Cannibal Steven blog header photo
Cannibal Steven's c-blog
Posts 118Blogs 14Following 0Followers 7



Cannibal Steven Tells A Tasty Tale



With everything that's been going on lately, I figured I should pitch in! This is one of three blogs I've been working on. I'm going to try and put the next one out at the end of this week, and the one after at the end of next week. You'll have to stick around, checking C-blogs to see!

But I'm getting ahead of myself. This blog. THIS BLOG. Well... You should just read it. It's a bit close to home. 
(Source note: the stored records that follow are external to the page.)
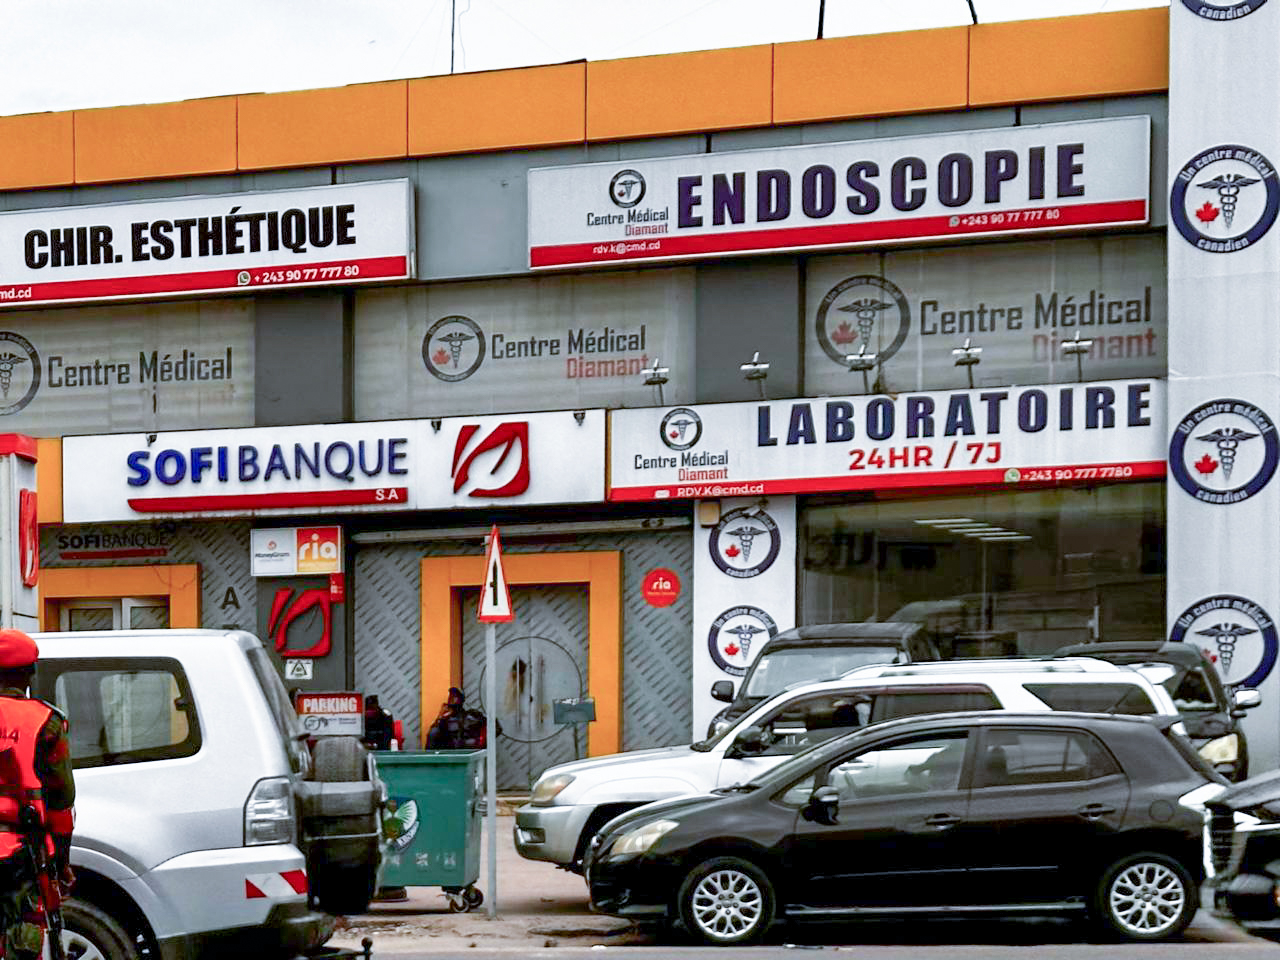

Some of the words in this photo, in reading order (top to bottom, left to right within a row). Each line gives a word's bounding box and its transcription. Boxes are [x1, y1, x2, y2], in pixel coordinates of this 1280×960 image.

[1199, 5, 1251, 20] canadien
[1179, 165, 1197, 182] Un
[1197, 149, 1233, 168] centre
[1234, 149, 1273, 178] médical
[677, 142, 1085, 228] ENDOSCOPIE
[587, 212, 624, 226] Centre
[627, 206, 669, 222] Médical
[991, 213, 1004, 224] 90
[1007, 212, 1020, 222] 77
[1023, 210, 1043, 221] 777
[24, 225, 123, 269] CHIR.
[131, 204, 357, 262] ESTHÉTIQUE
[625, 223, 669, 237] Diamant
[592, 241, 661, 255] rdv.k@cmd.cd
[1197, 238, 1249, 252] canadien
[286, 270, 301, 282] 90
[303, 268, 318, 280] 77
[320, 266, 342, 279] 777
[344, 265, 359, 277] 80
[920, 300, 1023, 336] Centre
[1035, 286, 1152, 329] Médical
[491, 333, 561, 360] Centre
[567, 324, 647, 355] Médical
[48, 355, 130, 388] Centre
[139, 347, 233, 383] Médical
[756, 383, 1152, 447] LABORATOIRE
[1178, 418, 1195, 435] Un
[1194, 403, 1231, 423] centre
[1233, 403, 1273, 432] médical
[126, 437, 409, 487] SOFIBANQUE
[634, 454, 677, 470] Centre
[681, 450, 729, 468] Médical
[848, 445, 933, 471] 24HR
[944, 441, 959, 469] /
[966, 441, 1002, 465] 7J
[678, 467, 729, 482] Diamant
[1055, 469, 1072, 480] 90
[1074, 468, 1098, 479] 777
[677, 484, 764, 497] RDV.K@cmd.cd
[1195, 488, 1249, 503] canadien
[57, 532, 169, 549] SOFIBANQUE
[299, 533, 337, 560] ria
[652, 576, 671, 590] ria
[1177, 613, 1194, 629] Un
[1192, 600, 1231, 619] centre
[1233, 599, 1272, 628] médical
[303, 697, 358, 714] PARKING
The sap was stuck all over. Stuck to the tree, but also stuck to the ground, stuck to the Man on the Ground, stuck to the knives, and even stuck to Steven. "Dirty, nasty sap." Steven barked to himself. 

Steven hated the sap. It would ruin everything. And on the first meal too.

Steven looked around anxiously, venting hot air in and out of his dried lips. No one was in the Orchard today. He calmed ever so slightly, sitting down next to the Man on the Ground. He crossed his legs like Ma taught him when they did yoga. Steven liked yoga. Steven liked his Ma.

"You look thirsty. I'm thirsty too. " Steven said as he licked the dried flesh on his mouth. "But it's okay. I brought water. Lots." He reached to the side of him: a belt of knives and a container of water. "64 ounces, to be precise," taking a swig of his beverage.

The Man on the Ground did not seem interested in talking with Steven, as his facial expression remained fixed, gazing through the treeline, and up into the sky. Funny, that as much as the man on the ground talked, he chose now of all times to not do so. It was a hot day in the Orchard, the hottest all summer. He could have used the water.

Steven was dissatisfied by the Man on the Ground's choice. He tensed his eyes, glaring angrily. Steven wondered why the Man on the Ground had chosen not to speak. "What was wrong? Was it the heat? Had he done something wrong? Maybe it was the sap." Steven thought on this, and then looked at the sap. It looked dirty. Nasty. "Yes. It most definitely was the sap. That confirmed it."

This was a predicament. Not only was the conversation at a halt now, but Steven's meal, his first meal, was now in jeopardy. And all because of a dirty tree. And a nasty one at that! He thought some more. "Next time I should bring more tools. Ma probably has some. Ma probably has lots." Steven loved his Ma, and she loved him.

Releasing his legs from his yoga pose, Steven decided that now was the time. He would have to carry the Man on the Ground back to his garage and help clean the sap off of him. But he couldn't go without a snack first. 

 Steven leaned forward and yanked the knife out of the Man on the Ground's chest. Much to his dismay, it was covered in sap. But at least one part was good. While the handle was sticky with sap, the blade was soaked in juice. He tasted the juice. It was sweet and savory all at once, just like Ma made it. "Delicious!" Steven exclaimed.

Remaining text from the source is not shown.